Work order:
Set the records down again in full, exactly as they are, apart from the images.

[Extracted records]
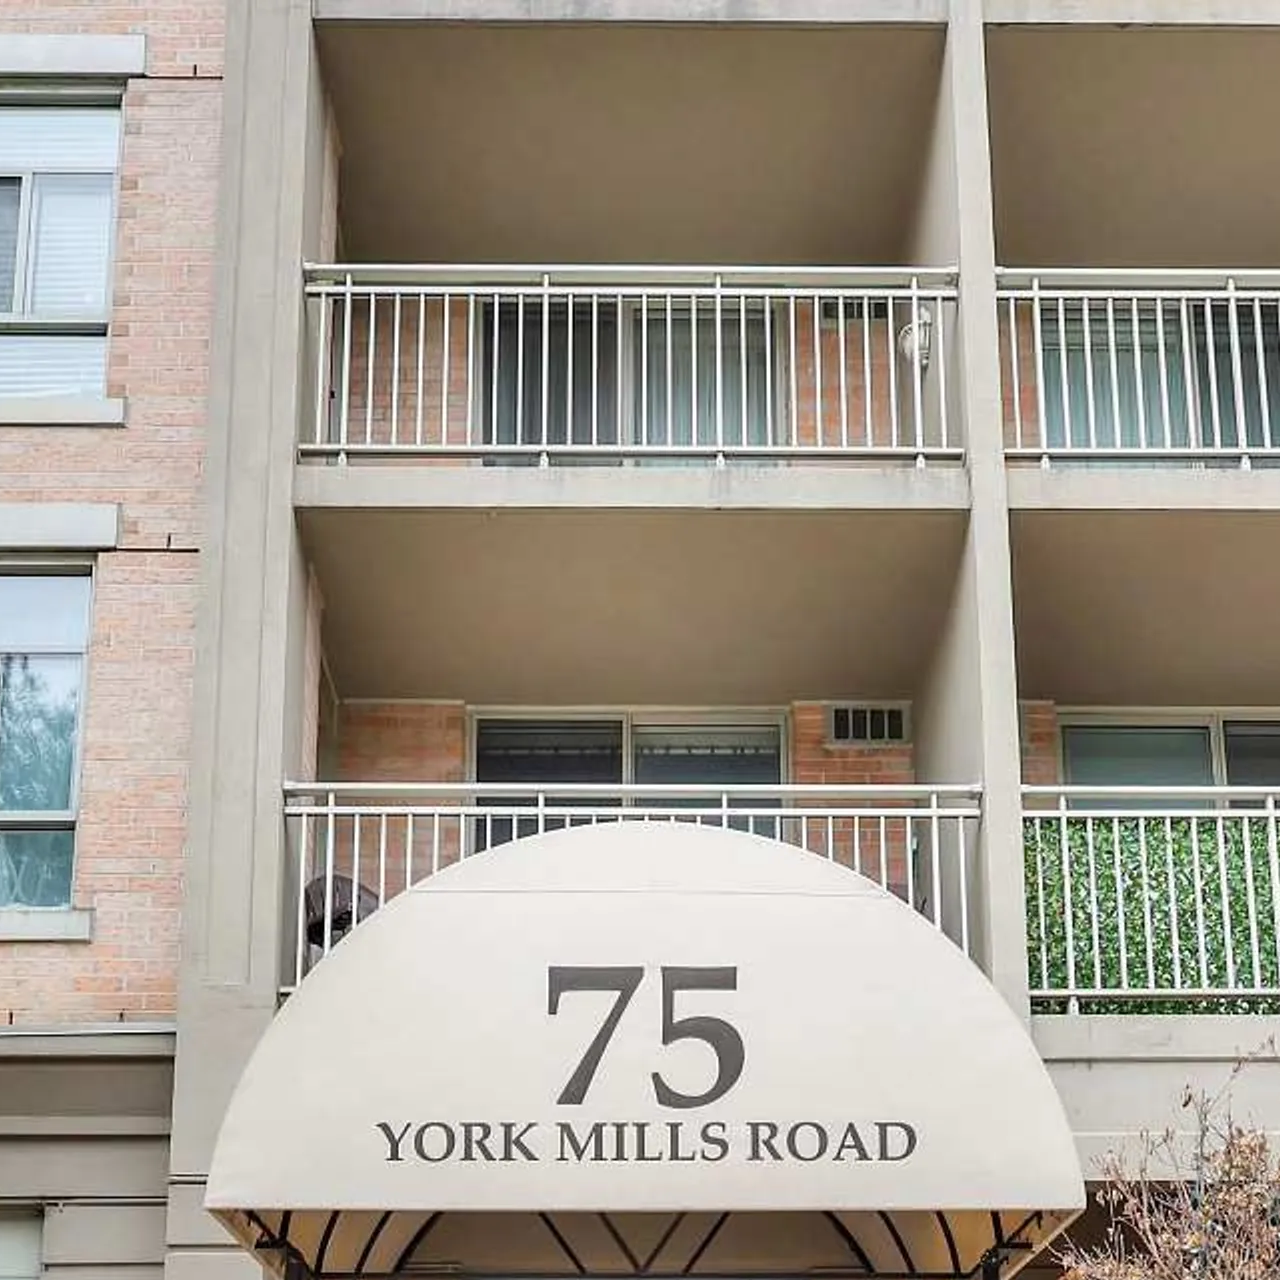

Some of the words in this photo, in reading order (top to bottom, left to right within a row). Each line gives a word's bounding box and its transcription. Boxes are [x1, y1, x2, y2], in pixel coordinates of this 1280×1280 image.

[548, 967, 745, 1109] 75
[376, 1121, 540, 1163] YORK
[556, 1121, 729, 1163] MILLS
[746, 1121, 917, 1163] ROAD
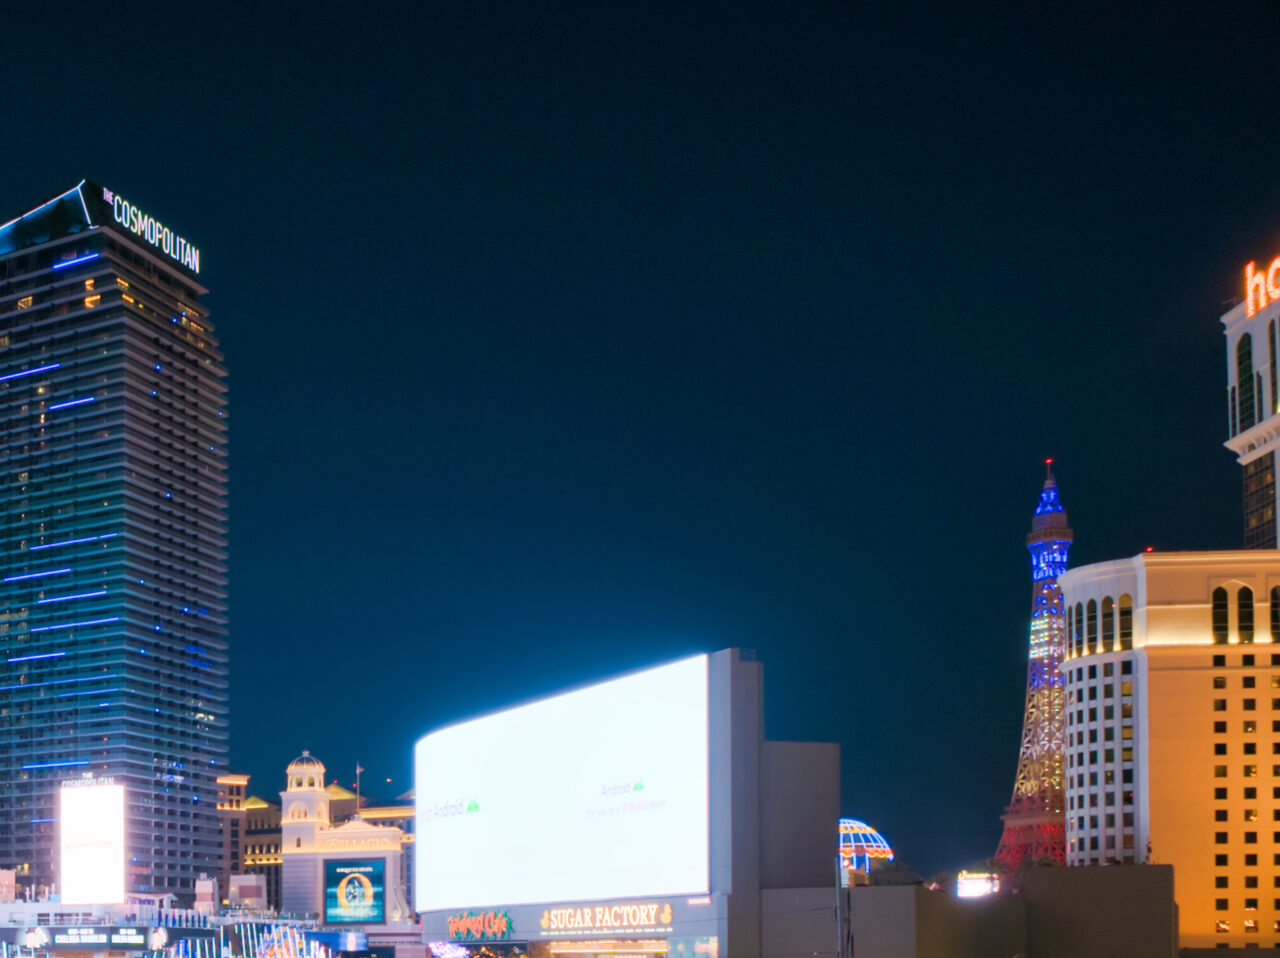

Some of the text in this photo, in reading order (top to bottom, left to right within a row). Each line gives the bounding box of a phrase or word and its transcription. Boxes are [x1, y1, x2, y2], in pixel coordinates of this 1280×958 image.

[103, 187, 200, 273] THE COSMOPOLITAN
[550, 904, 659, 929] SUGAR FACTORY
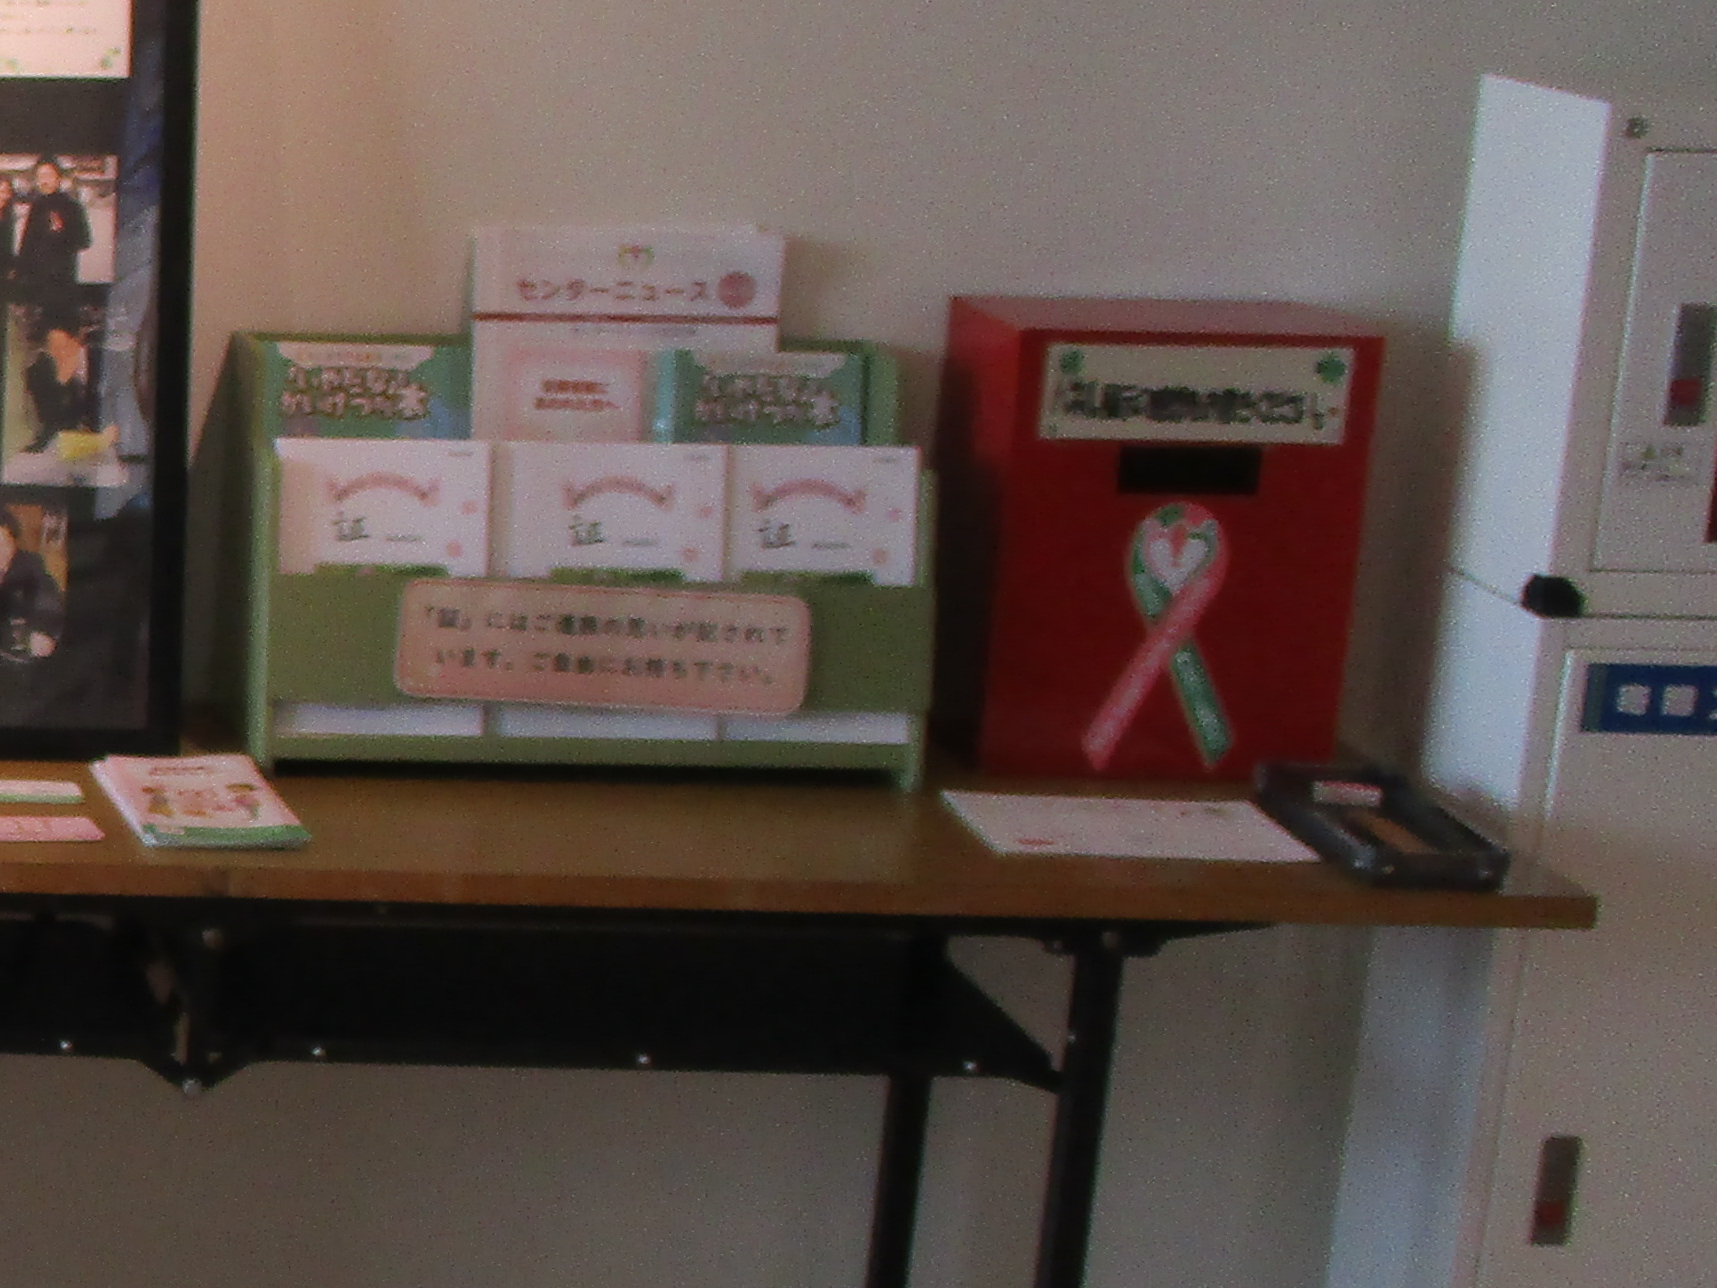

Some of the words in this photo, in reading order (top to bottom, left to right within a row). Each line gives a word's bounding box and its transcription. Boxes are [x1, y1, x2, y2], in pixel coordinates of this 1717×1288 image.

Reply to the exercise:
Some of the words in this photo, in reading order (top to bottom, left to right within a row). Each line gives a word's bounding box and its transcription. Boxes are [x1, y1, x2, y2], in pixel coordinates of this 1280×1280 image.

[548, 967, 745, 1109] 75
[376, 1121, 540, 1163] YORK
[556, 1121, 729, 1163] MILLS
[746, 1121, 917, 1163] ROAD

Some of the text in this photo, in reading order (top to bottom, left to right within a row). Each line gives the bounding box of a phrase or word and its transcription. Boxes are [x1, y1, x2, y2], in pixel coordinates of this 1280×958 image.

[103, 187, 200, 273] THE COSMOPOLITAN
[550, 904, 659, 929] SUGAR FACTORY

Some of the words in this photo, in reading order (top to bottom, left to right within a row). Each line gives a word's bounding box and its transcription. Boxes are [x1, y1, x2, y2], in pixel coordinates of this 1717×1288 image.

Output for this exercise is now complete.